TASK REQUIREMENTS ▸ Can you transcribe the data exactly? Leave the pictures out.

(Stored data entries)
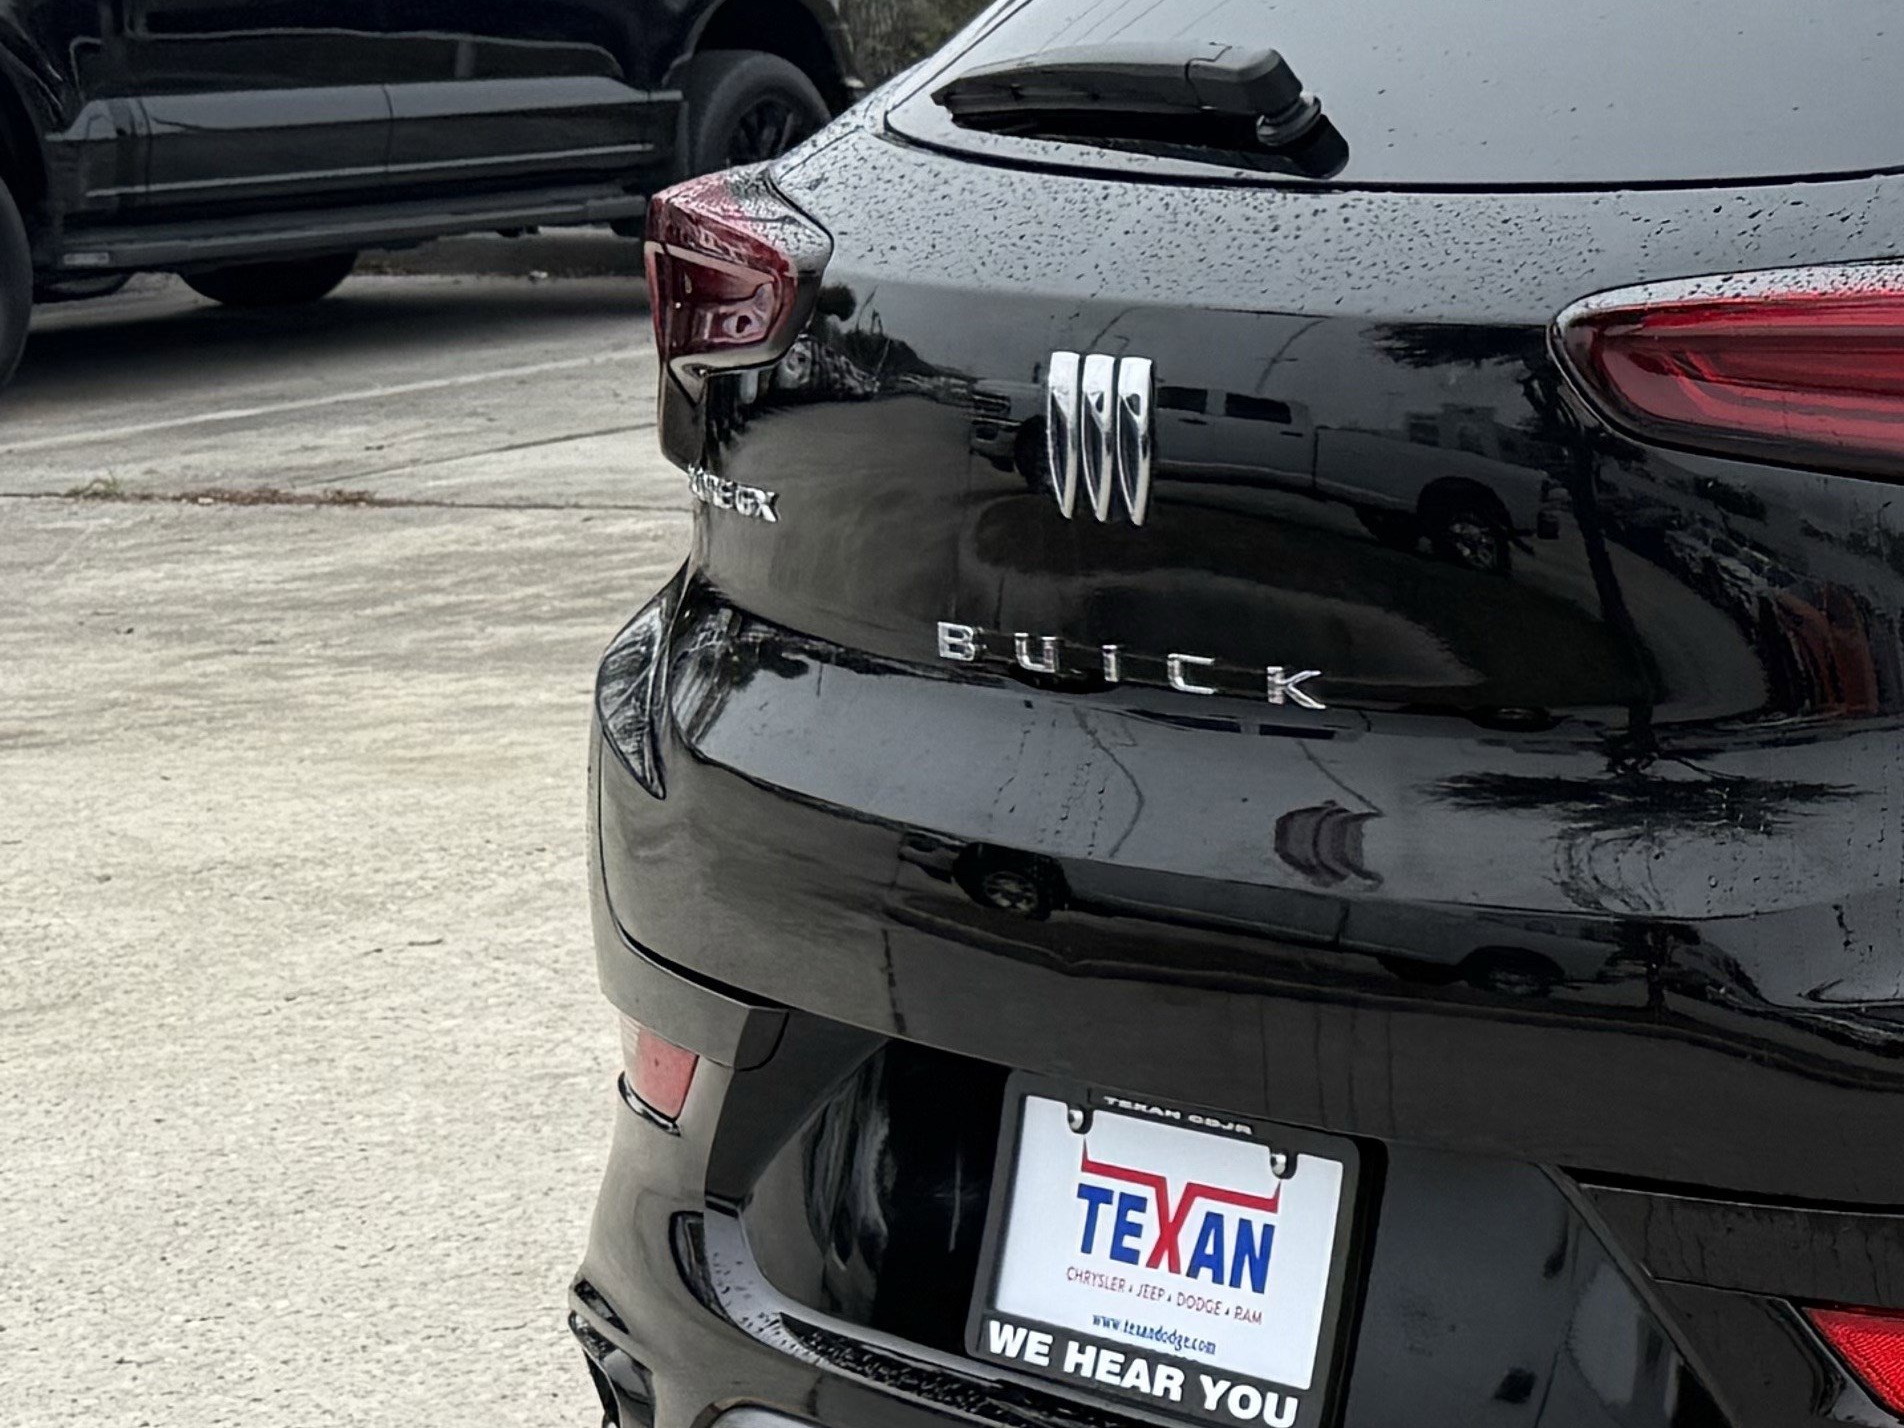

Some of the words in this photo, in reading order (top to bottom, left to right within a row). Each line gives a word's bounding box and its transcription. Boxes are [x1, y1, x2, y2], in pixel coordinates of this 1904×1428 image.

[938, 620, 1327, 711] BUICK
[1103, 1095, 1181, 1120] TEXAN
[1076, 1139, 1281, 1294] TEXAN
[1066, 1266, 1126, 1293] CHRYSLER
[1136, 1283, 1165, 1301] JEEP
[1176, 1291, 1222, 1316] DODGE
[1234, 1305, 1262, 1324] RAM
[987, 1320, 1053, 1366] WE
[1063, 1341, 1185, 1402] HEAR
[1200, 1374, 1298, 1428] YOU
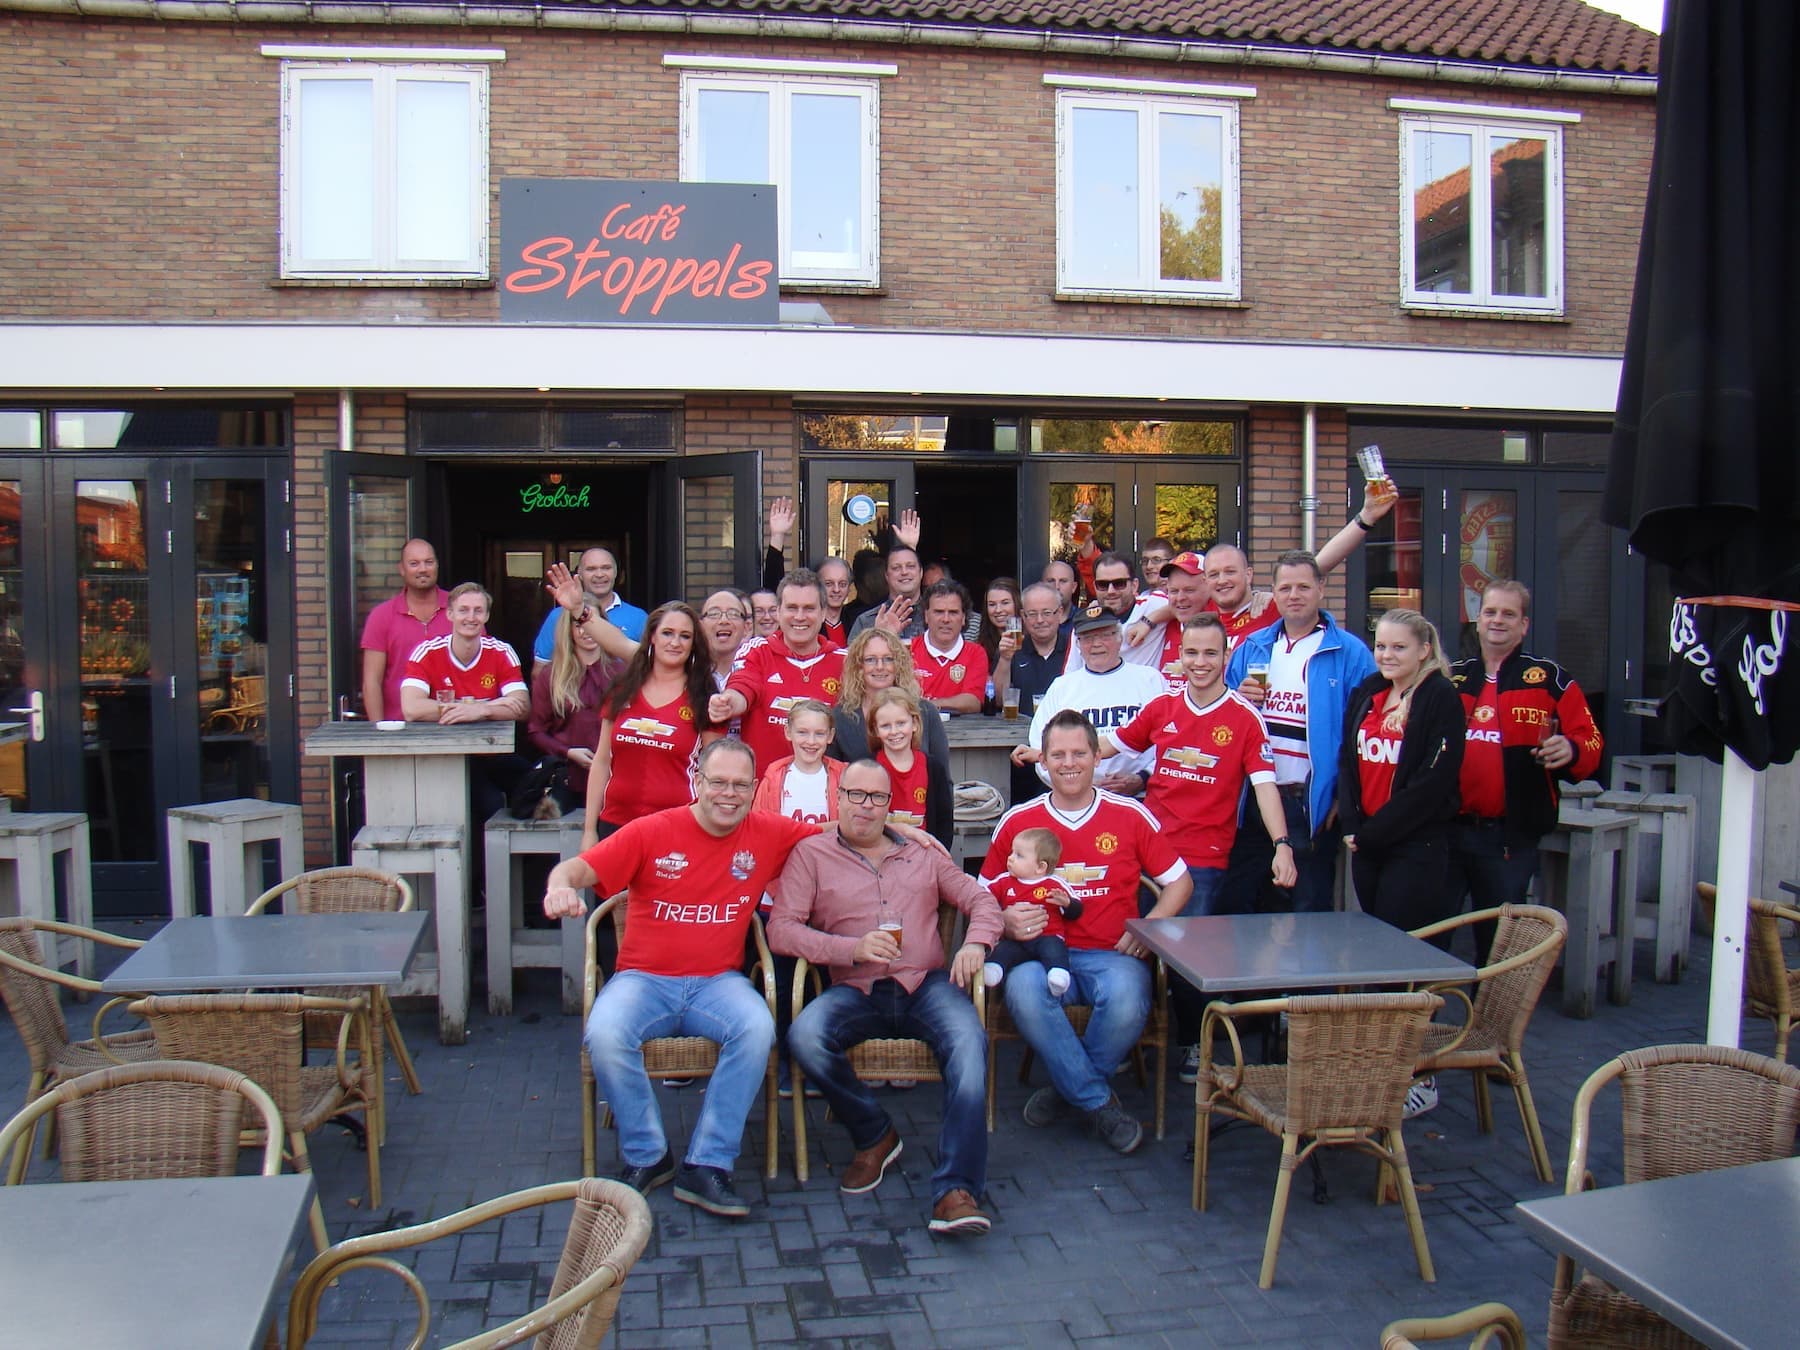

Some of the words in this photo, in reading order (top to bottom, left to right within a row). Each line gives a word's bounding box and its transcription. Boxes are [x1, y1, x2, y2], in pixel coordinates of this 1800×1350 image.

[601, 203, 686, 245] Café
[505, 236, 773, 315] Stoppels
[520, 484, 590, 512] Grolsch
[1264, 690, 1303, 701] HARP
[1265, 700, 1306, 715] WCAM
[616, 734, 675, 750] CHEVROLET
[1357, 728, 1402, 764] AON
[1159, 767, 1217, 785] CHEVROLET
[1074, 887, 1110, 898] ROLET
[653, 899, 740, 924] TREBLE

EXERCISE ANSWER ▸
Some of the words in this photo, in reading order (top to bottom, left to right within a row). Each line gives a word's bounding box and its transcription. Boxes are [x1, y1, x2, y2], in pixel coordinates of this 1904×1428 image.

[938, 620, 1327, 711] BUICK
[1103, 1095, 1181, 1120] TEXAN
[1076, 1139, 1281, 1294] TEXAN
[1066, 1266, 1126, 1293] CHRYSLER
[1136, 1283, 1165, 1301] JEEP
[1176, 1291, 1222, 1316] DODGE
[1234, 1305, 1262, 1324] RAM
[987, 1320, 1053, 1366] WE
[1063, 1341, 1185, 1402] HEAR
[1200, 1374, 1298, 1428] YOU

Some of the words in this photo, in reading order (top to bottom, left to right within a row). Each line gives a word's bounding box and its transcription. Boxes are [x1, y1, x2, y2], in pixel coordinates of this 1800×1350 image.

[601, 203, 686, 245] Café
[505, 236, 773, 315] Stoppels
[520, 484, 590, 512] Grolsch
[1264, 690, 1303, 701] HARP
[1265, 700, 1306, 715] WCAM
[616, 734, 675, 750] CHEVROLET
[1357, 728, 1402, 764] AON
[1159, 767, 1217, 785] CHEVROLET
[1074, 887, 1110, 898] ROLET
[653, 899, 740, 924] TREBLE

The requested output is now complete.